“Is it ever sad when fast fashion bites the dust?” Kim France, the founding editor of the seminal Condé Nast shopper Lucky and producer of the popular newsletter “Girls of a Certain Age” said on Tuesday, reacting to news that Forever 21 had filed for bankruptcy. The answer depends on how passionate a consumer is about both bricks and mortar and the hunt.
Anyone who ever formed a search party to stalk low-rise jeans, fringed crop tops, mesh flats or whatever else happened to be trending that very instant is familiar with the chain, which tracked fashion minutely and churned out the latest iteration of its whims at rock-bottom prices. At its peak, Forever 21 employed more than 43,000 people worldwide and brought in more than $4 billion in annual sales. As the chain’s name implied, the target consumer base skewed young.
Back in the early aughts, when Ms. France was first editing Lucky, she and her fashion editors made weekly scouting trips to a Forever 21 outpost in Union Square in Manhattan to track trending styles. Often enough, the styles turned up on sales floors before magazines had a chance to report on them. “You could compare it to Zara, although Zara is a little more sophisticated,” Ms. France said, referring to the Spanish mass-market retailer. “Or maybe Topshop.”
Forever 21 may have lacked the curated cool of competitors like Topshop, the British high-street retailer, whose Kate Moss collection proved so popular when it debuted in 2007 that crowd control was put into place outside London stores. (Those same clothes are now hotly traded online as vintage.) And it was never likely to inspire Instagram tags or art-directed haul videos.
In terms of sheer volume, however, the retailer was without rival.
Part of its appeal was a level of excitement impossible to replicate online — that adrenaline rush that comes from sifting through stacks of dross to find, if not the exact right thing, something close.
In its earliest days, Forever 21 also attained cult status among those like Antoinette Isama, 32, who, while growing up in Silver Spring, Md., made a beeline for The Mall in Columbia to find “age-appropriate, good quality” clothes that met her budget and closely followed fashion trends. “The lighting, the music, the atmosphere all tracked whatever was trending at the time,” said Ms. Isama, the Brooklyn-based founder of Fourtwo, a creative agency.
Trendiness is just a small part of Forever 21 chain’s appeal for Safiyyah Burns, 19, a pre-law student at Loyola University New Orleans. “Especially since Covid, my friends don’t really want to to go into stores anymore and deal with people or talk to cashiers,” she said. While many from her age cohort may view the entirety of the shopping experience as “see a pic online and press buy,” Ms. Burns remains a holdout for doing it in real life.
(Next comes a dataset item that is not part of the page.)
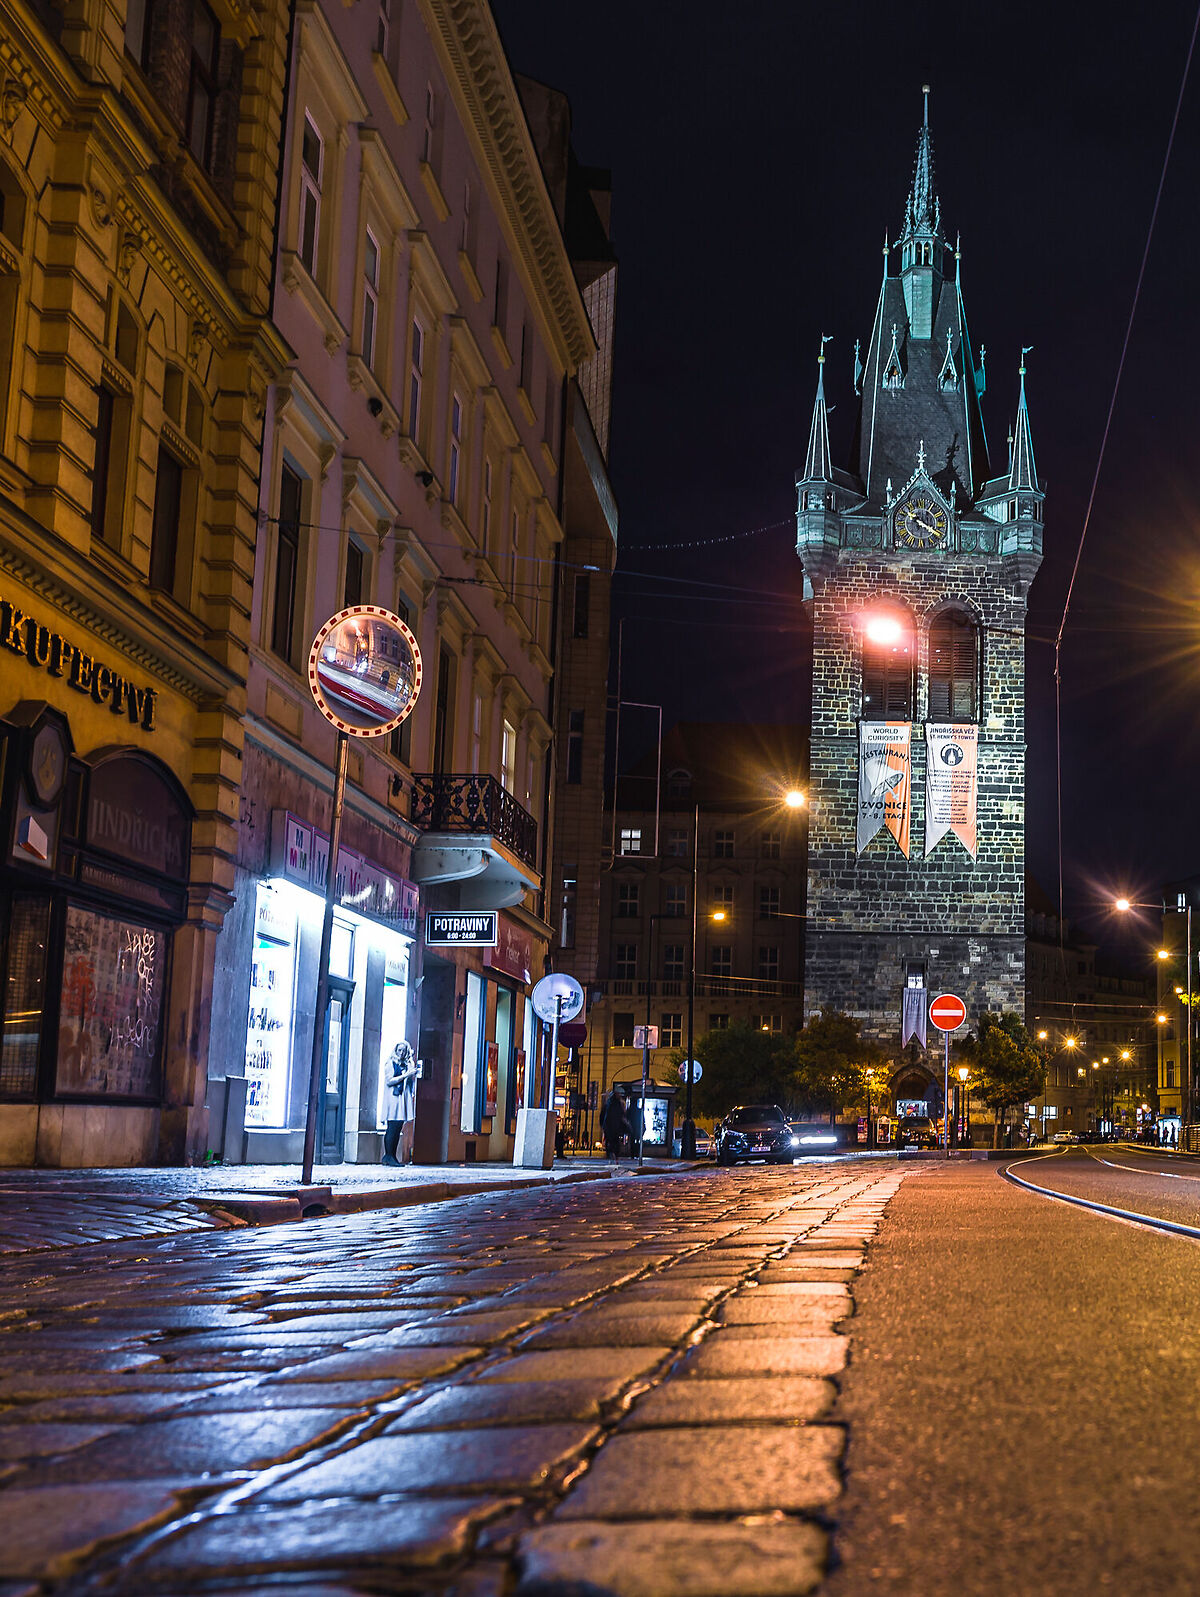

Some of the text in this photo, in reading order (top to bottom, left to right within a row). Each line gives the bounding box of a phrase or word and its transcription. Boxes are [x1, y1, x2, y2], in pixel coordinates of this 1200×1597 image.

[0, 599, 159, 732] KUPECTVÍ
[861, 801, 907, 809] ZVONICE
[434, 918, 490, 931] POTRAVINY
In part, what draws her to bricks-and-mortar shopping is the dispiriting shoddiness of so many things sold online. “Thin clothes and jewelry that turns green in three days,” she said. In an actual store, by contrast, buyers have the opportunity to appraise quality upfront, bypassing the inevitable trip to the post office with a return envelope (or, just as often, to the Goodwill bin).
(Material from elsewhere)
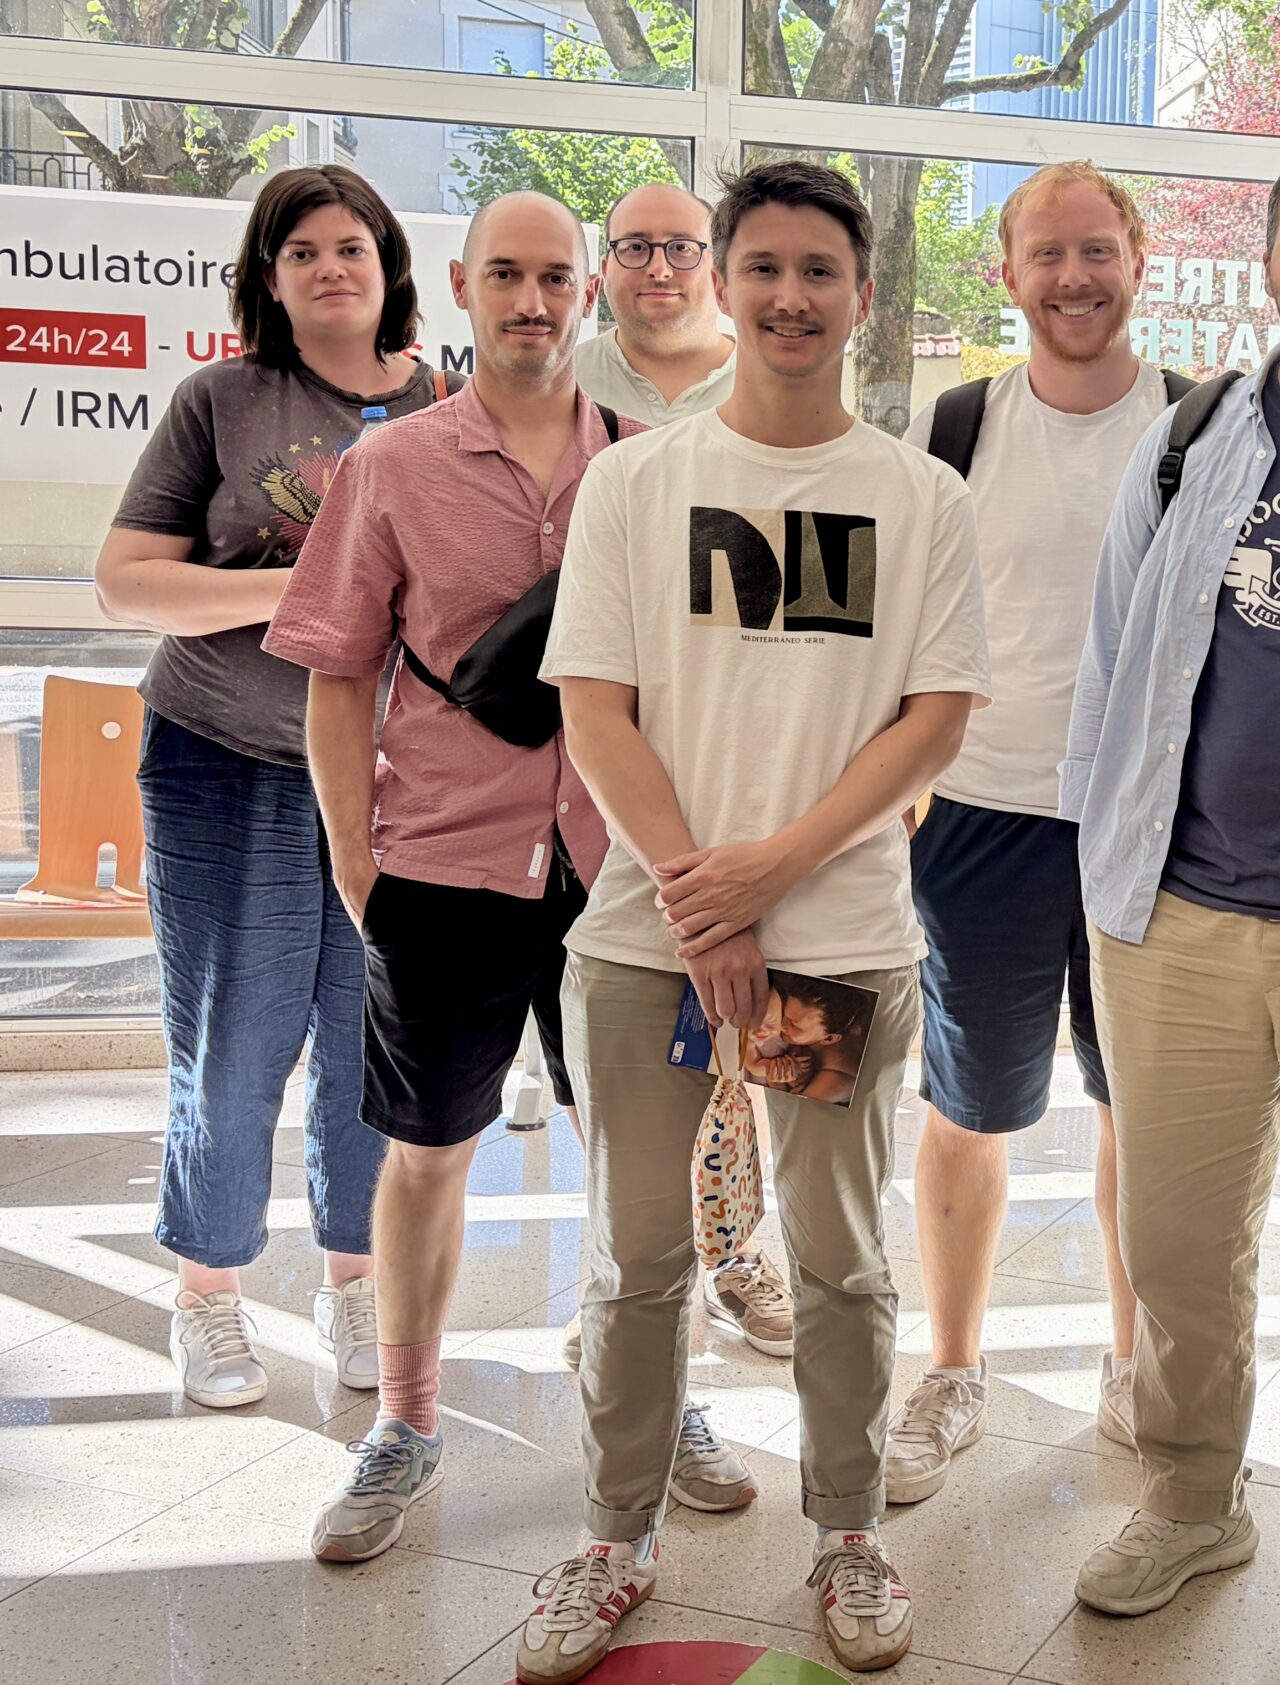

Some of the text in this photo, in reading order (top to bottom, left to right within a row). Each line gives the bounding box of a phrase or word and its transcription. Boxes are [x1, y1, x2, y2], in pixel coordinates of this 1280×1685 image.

[5, 325, 133, 357] 24h/24
[57, 389, 148, 430] IRM
[1258, 608, 1280, 624] EST.
Last weekend, Ms. Burns went shopping with her boyfriend, Jake Tentler, 20, a nursing student at Loyola. “We’re not so attached to our phones and so we actually want to talk to people and see what’s out there in a store,” Ms. Burns said. Scouring the clearance racks at Forever 21, the couple came upon a particularly cool men’s shirt with a Miller beer logo printed on the front. They bought it for $11, down from $15.
Tuesday’s announcement may have sounded a death knell for the company — whose husband-and-wife founders, the Korean American immigrants Do Won and Jin Sook Chang, made their Christian faith so core to the business that a reference to the biblical verse John 3:16 is printed on the bottom of every bright yellow Forever 21 bag — but it was not the first time the company has appeared on its last legs.
Forever 21 previously filed for bankruptcy in 2019, closing down more than 30 percent of its stores in the United States, and was then bought out of bankruptcy by Sparc Group, a joint venture between Authentic Brands Group and Simon Property Group, a mall operator.
In 2023, Sparc signed an agreement with Shein, the Chinese e-commerce site known for underpricing even Forever 21 (and one cited in court documents for being part of the reason for Forever 21’s current financial difficulties). That agreement allows Shein to operate stores-within-stores at Forever 21 outlets. With this latest news, however, Forever 21 is proceeding as if all its retail locations will eventually close, a wind-down of operations and a seeming capitulation to the irresistible power of digital commerce.